§ REQUIRED WORK:
All entries need to be written out again exactly, without their pictures.

§ MATERIAL TO PROCESS:
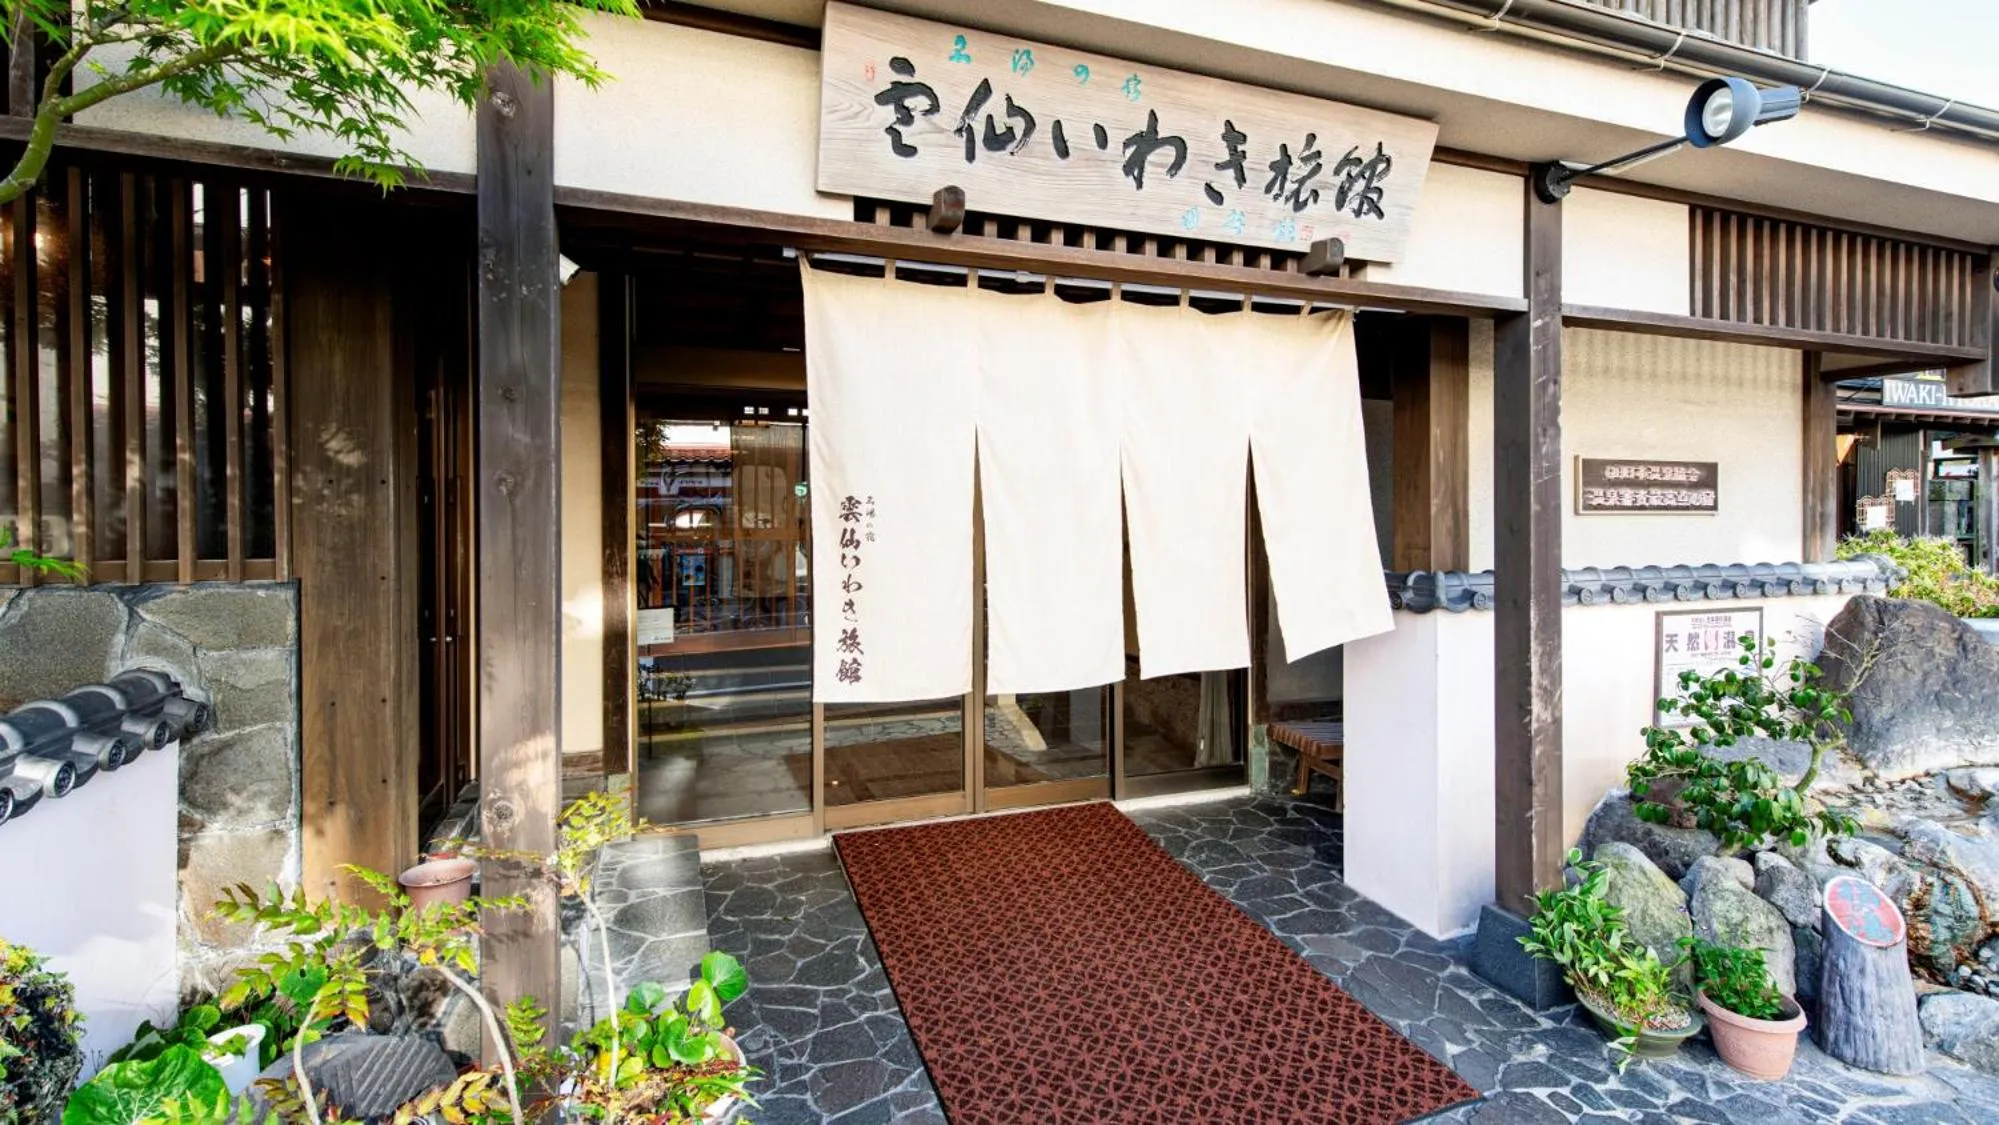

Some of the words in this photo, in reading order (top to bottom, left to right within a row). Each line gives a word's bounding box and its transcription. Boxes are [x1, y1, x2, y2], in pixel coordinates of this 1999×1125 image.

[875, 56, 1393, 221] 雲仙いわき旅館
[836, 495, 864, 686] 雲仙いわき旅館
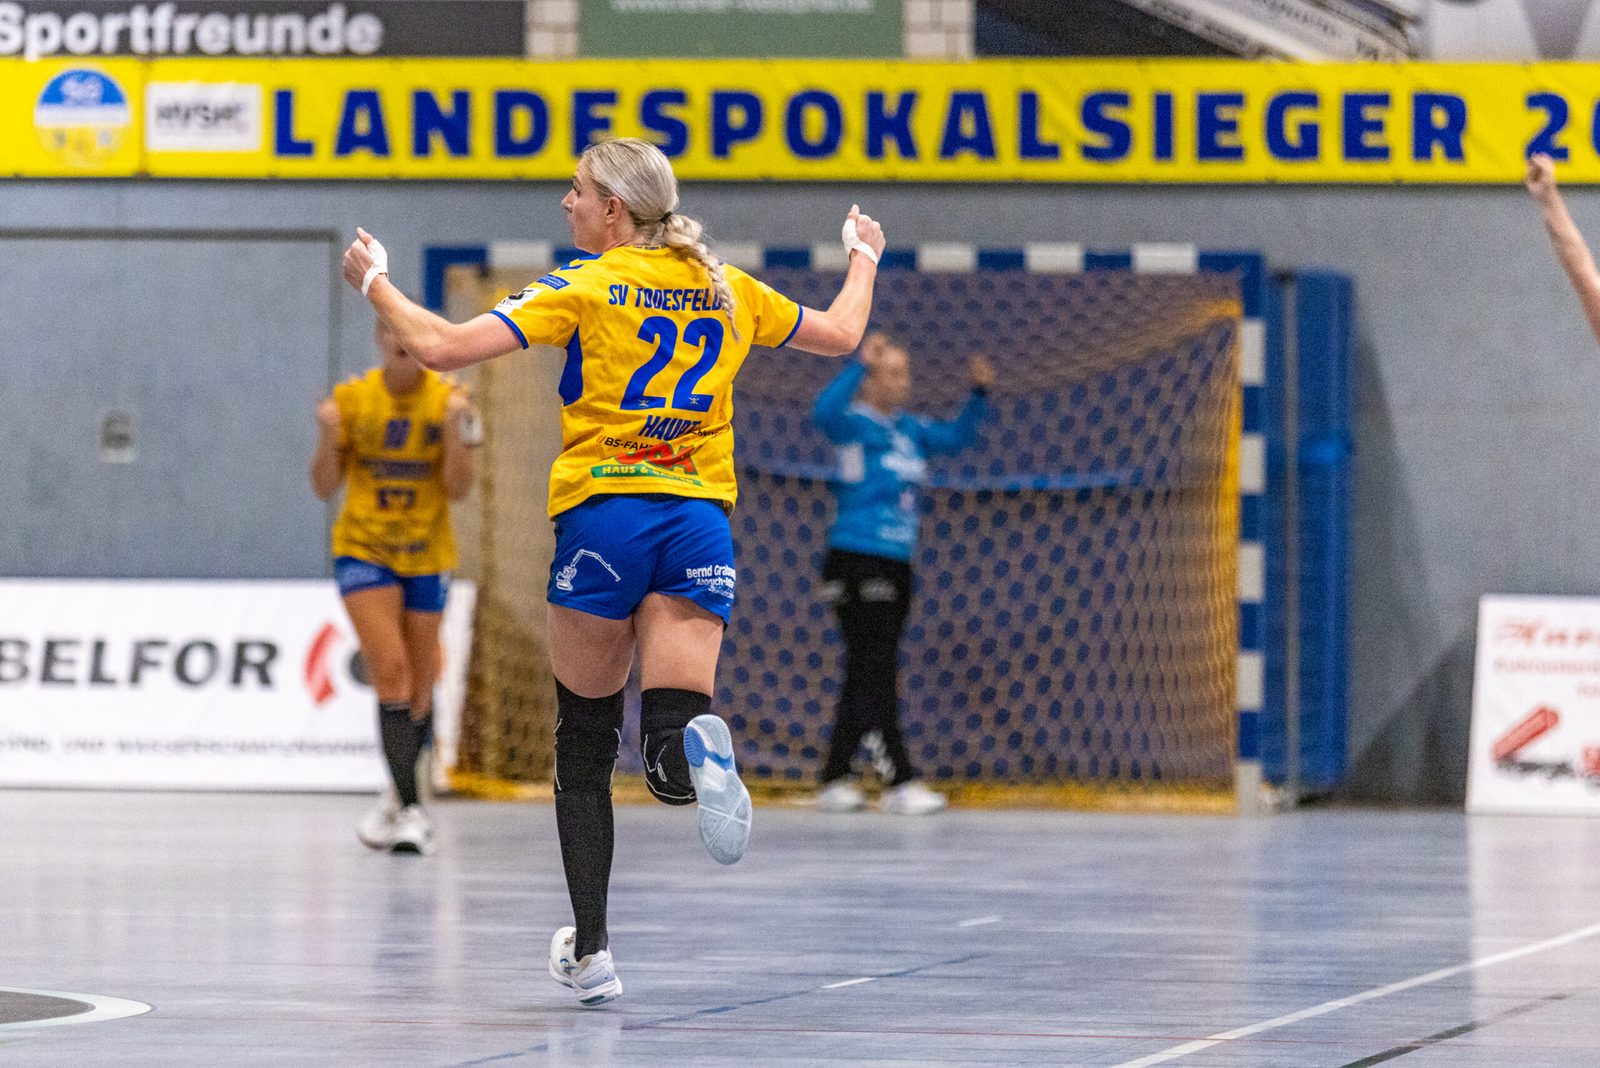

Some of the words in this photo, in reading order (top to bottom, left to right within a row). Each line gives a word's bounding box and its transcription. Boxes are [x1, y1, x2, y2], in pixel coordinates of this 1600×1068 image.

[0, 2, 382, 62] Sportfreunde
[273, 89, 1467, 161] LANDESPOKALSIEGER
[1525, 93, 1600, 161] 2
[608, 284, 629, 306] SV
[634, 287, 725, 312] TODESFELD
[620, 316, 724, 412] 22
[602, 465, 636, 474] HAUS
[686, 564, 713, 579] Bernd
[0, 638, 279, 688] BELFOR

§ RESULT FOR THIS EXERCISE:
Some of the words in this photo, in reading order (top to bottom, left to right within a row). Each line gives a word's bounding box and its transcription. Boxes are [x1, y1, x2, y2], in pixel coordinates of this 1999×1125 image.

[875, 56, 1393, 221] 雲仙いわき旅館
[836, 495, 864, 686] 雲仙いわき旅館

Some of the words in this photo, in reading order (top to bottom, left to right within a row). Each line gives a word's bounding box and its transcription. Boxes are [x1, y1, x2, y2], in pixel coordinates of this 1600×1068 image.

[0, 2, 382, 62] Sportfreunde
[273, 89, 1467, 161] LANDESPOKALSIEGER
[1525, 93, 1600, 161] 2
[608, 284, 629, 306] SV
[634, 287, 725, 312] TODESFELD
[620, 316, 724, 412] 22
[602, 465, 636, 474] HAUS
[686, 564, 713, 579] Bernd
[0, 638, 279, 688] BELFOR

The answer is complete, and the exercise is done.